*Assigned task*:
All of the data that follows is to be printed exactly, without pictures.

(Free-text object descriptions)
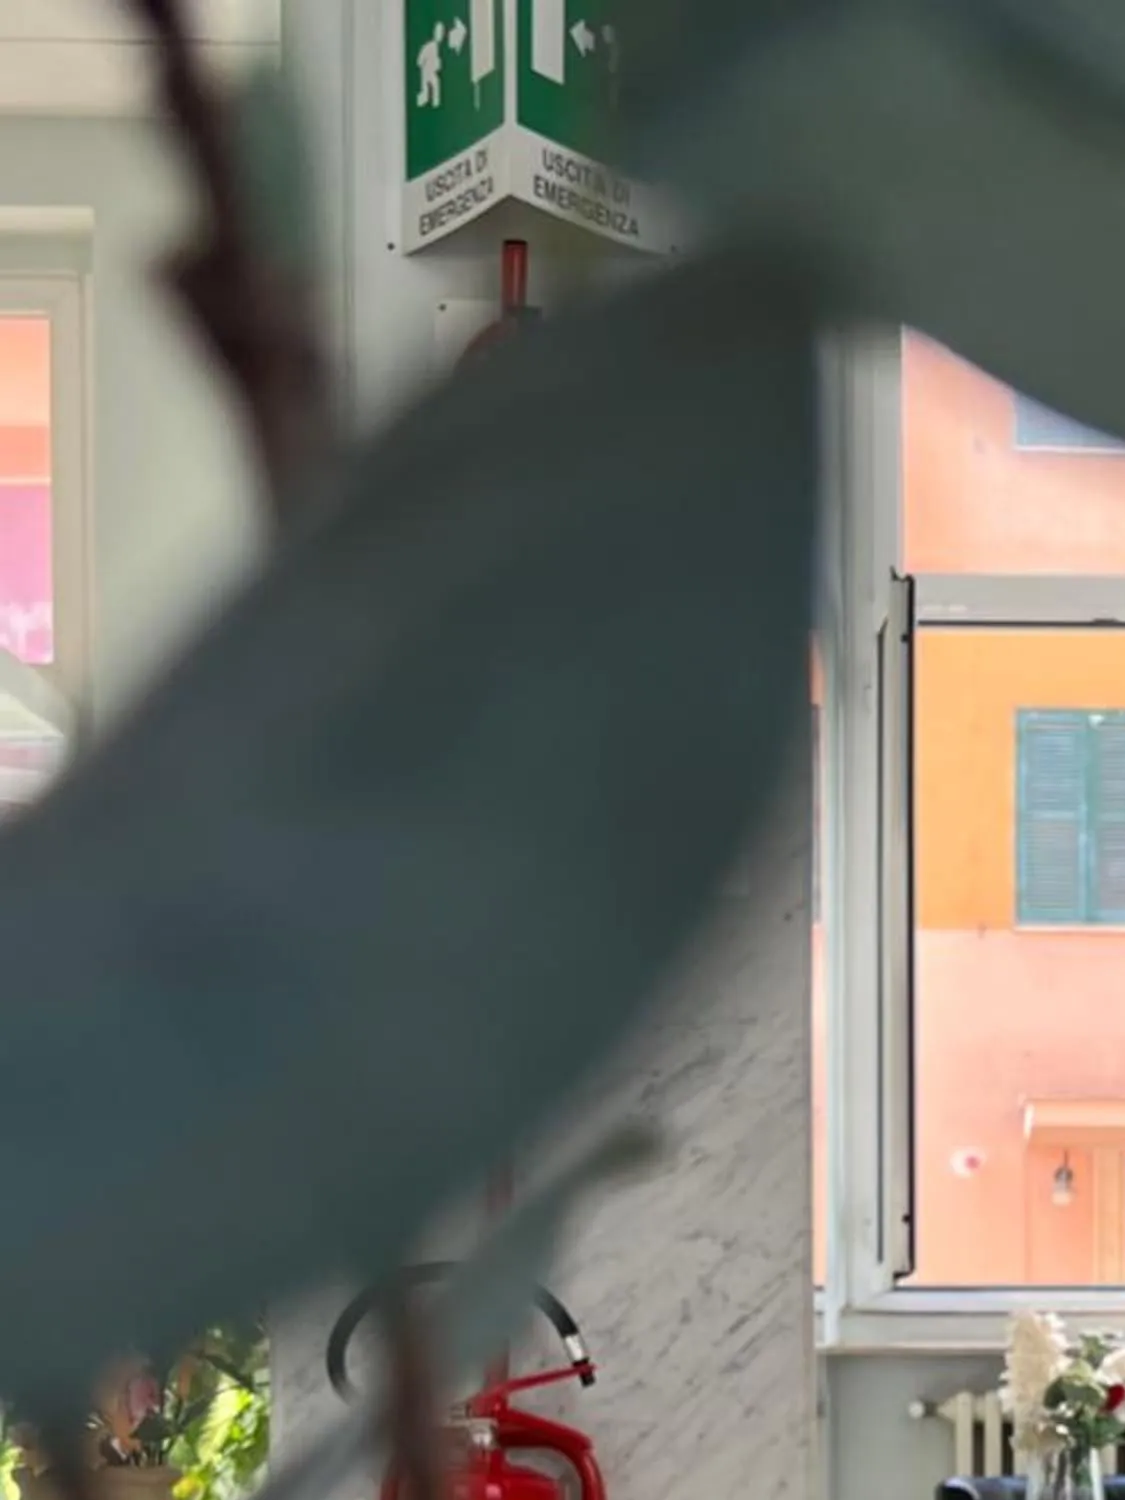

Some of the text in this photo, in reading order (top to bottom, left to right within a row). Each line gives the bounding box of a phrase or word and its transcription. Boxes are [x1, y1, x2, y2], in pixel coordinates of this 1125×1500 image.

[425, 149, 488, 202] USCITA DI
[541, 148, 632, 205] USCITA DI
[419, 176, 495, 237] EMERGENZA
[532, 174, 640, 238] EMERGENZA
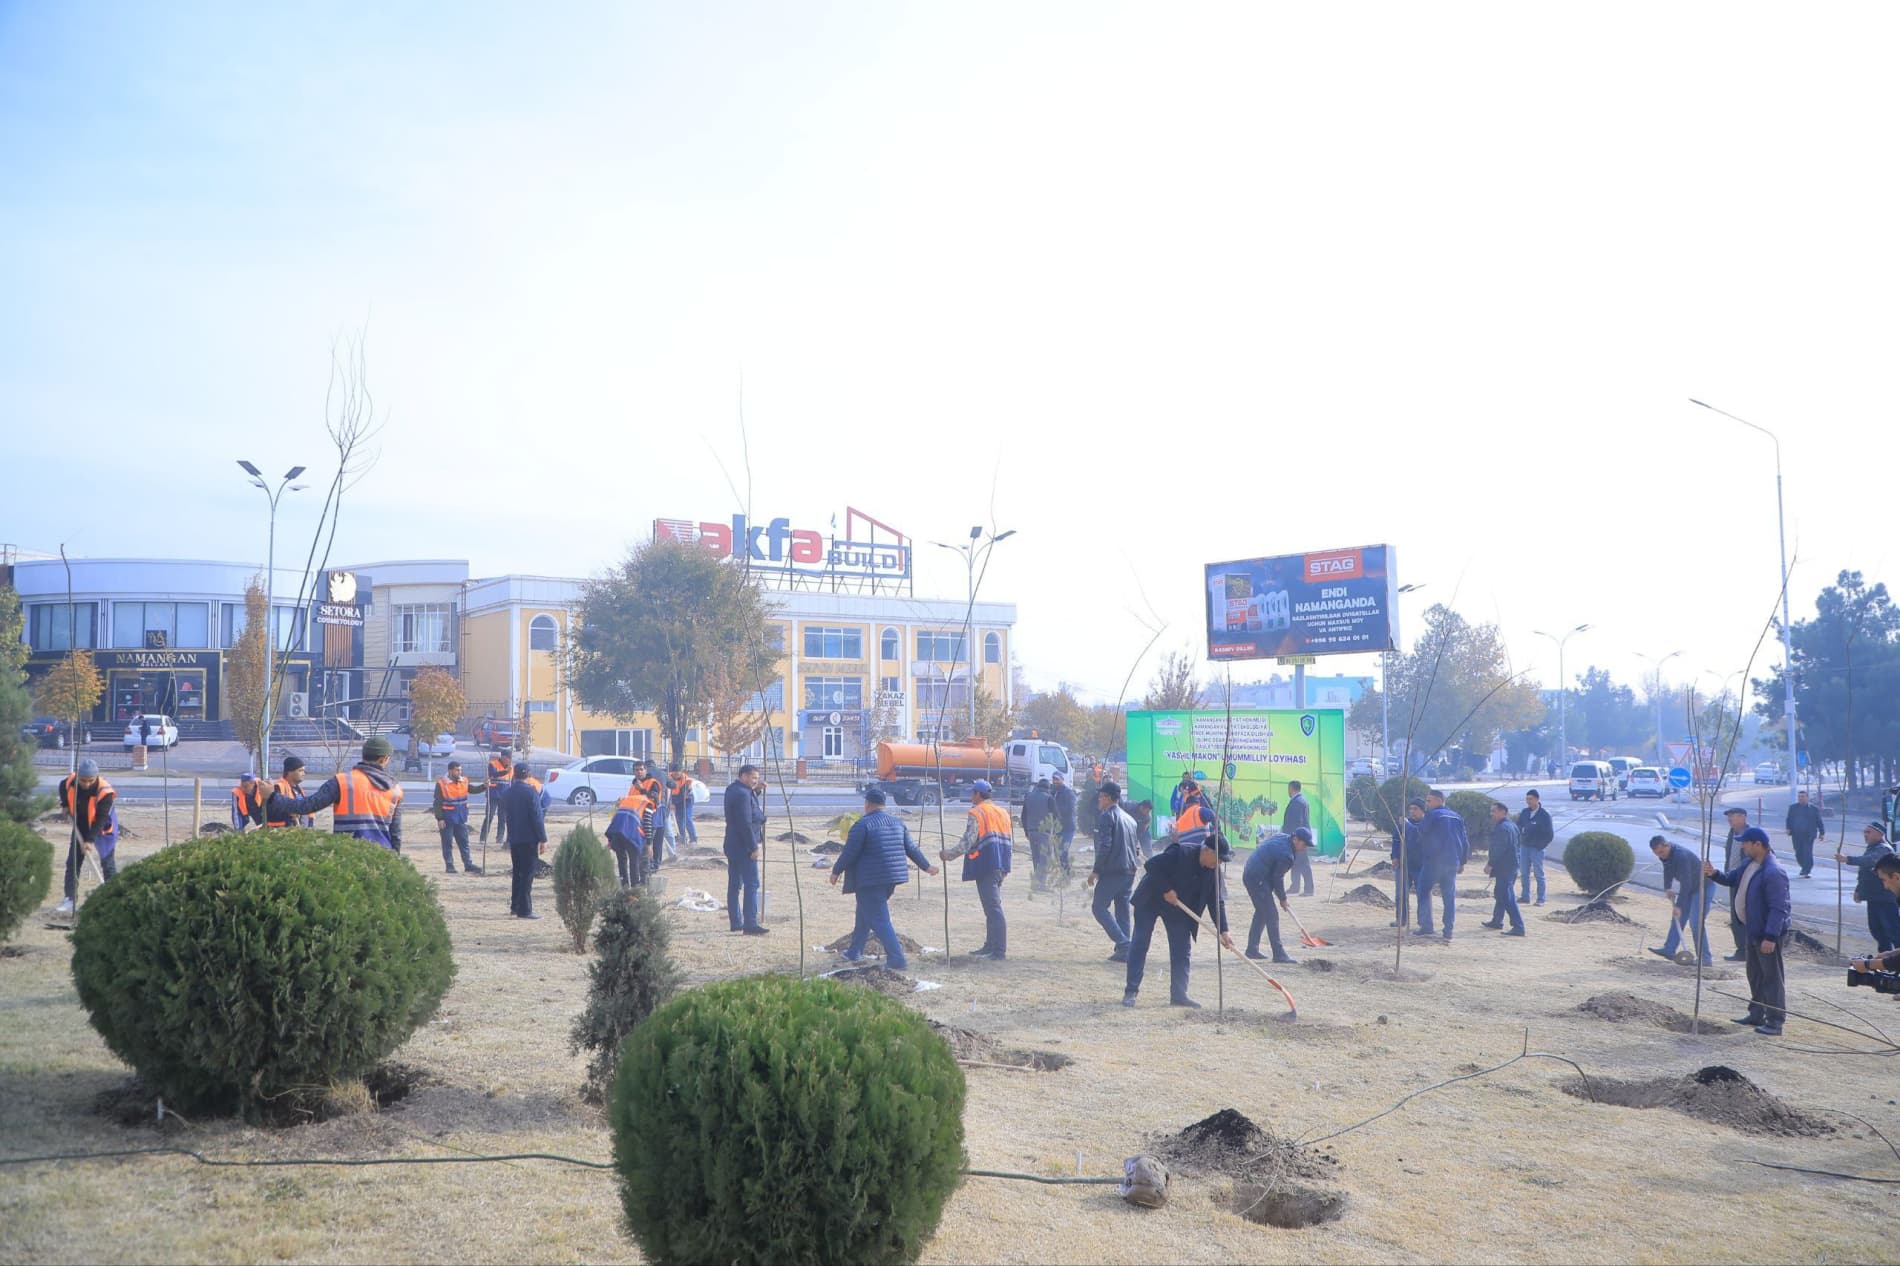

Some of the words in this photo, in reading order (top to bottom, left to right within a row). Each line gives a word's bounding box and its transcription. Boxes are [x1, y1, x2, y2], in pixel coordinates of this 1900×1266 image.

*Solution for this task*:
Some of the text in this photo, in reading order (top to bottom, left to right within a row). Each line gives the bounding box of a phrase or word and its transcription. Boxes are [x1, y1, x2, y2], in pixel coordinates of this 1125×1500 image.

[425, 149, 488, 202] USCITA DI
[541, 148, 632, 205] USCITA DI
[419, 176, 495, 237] EMERGENZA
[532, 174, 640, 238] EMERGENZA

Some of the words in this photo, in reading order (top to bottom, left to right within a row). Each line gives a word's bounding box and its transcription. Boxes are [x1, y1, x2, y2], in pixel coordinates of this 1900×1266 image.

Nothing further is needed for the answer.